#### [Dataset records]
Segment Open
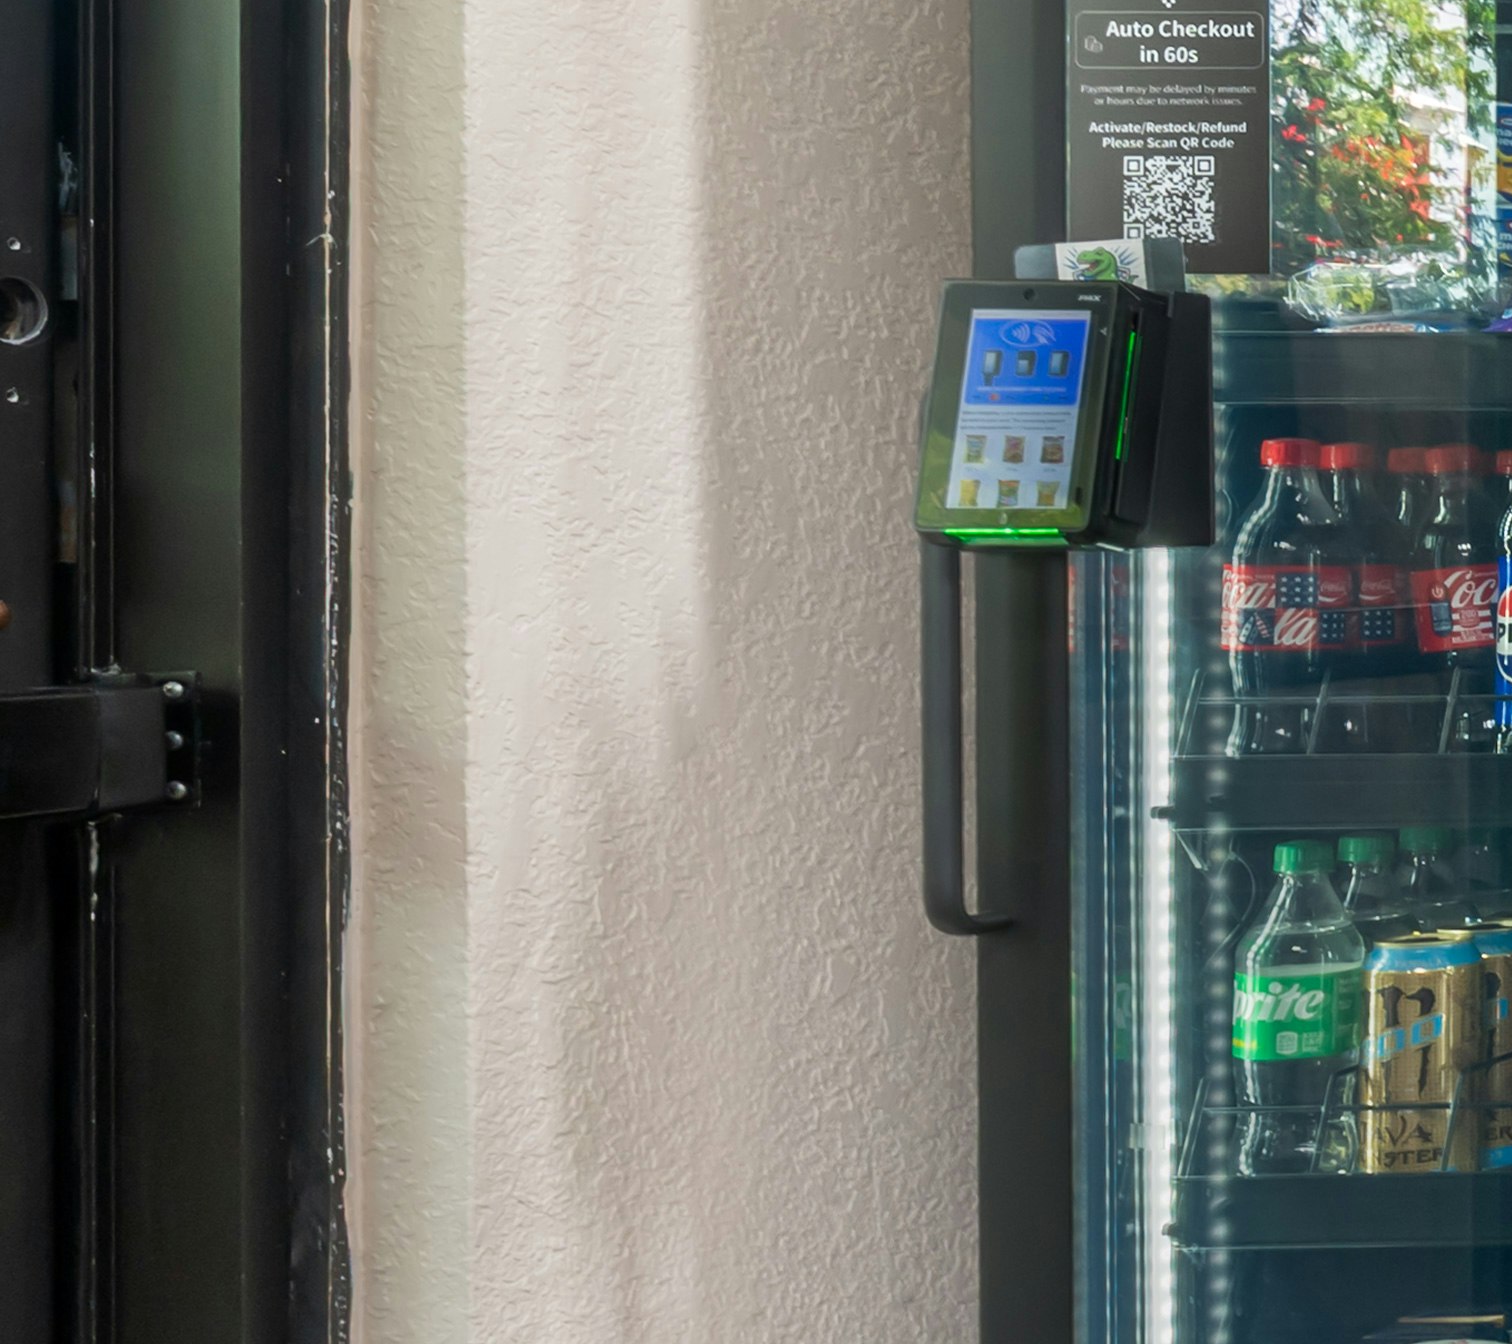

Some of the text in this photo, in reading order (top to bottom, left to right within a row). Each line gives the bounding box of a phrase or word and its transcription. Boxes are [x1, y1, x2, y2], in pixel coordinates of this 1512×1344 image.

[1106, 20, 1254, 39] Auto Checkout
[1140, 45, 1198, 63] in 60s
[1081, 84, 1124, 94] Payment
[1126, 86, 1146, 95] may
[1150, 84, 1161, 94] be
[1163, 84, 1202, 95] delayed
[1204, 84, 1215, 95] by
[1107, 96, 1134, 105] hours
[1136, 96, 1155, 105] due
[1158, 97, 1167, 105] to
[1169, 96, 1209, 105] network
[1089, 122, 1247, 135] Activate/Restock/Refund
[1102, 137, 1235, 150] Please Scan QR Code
Segment Closed
#### [PROBLEM]
Produce a word-for-word copy of the records, omitting all images.

#### [SOLUTION FOR THIS TASK]
Some of the text in this photo, in reading order (top to bottom, left to right within a row). Each line gives the bounding box of a phrase or word and its transcription. Boxes are [x1, y1, x2, y2], in pixel coordinates of this 1512×1344 image.

[1106, 20, 1254, 39] Auto Checkout
[1140, 45, 1198, 63] in 60s
[1081, 84, 1124, 94] Payment
[1126, 86, 1146, 95] may
[1150, 84, 1161, 94] be
[1163, 84, 1202, 95] delayed
[1204, 84, 1215, 95] by
[1107, 96, 1134, 105] hours
[1136, 96, 1155, 105] due
[1158, 97, 1167, 105] to
[1169, 96, 1209, 105] network
[1089, 122, 1247, 135] Activate/Restock/Refund
[1102, 137, 1235, 150] Please Scan QR Code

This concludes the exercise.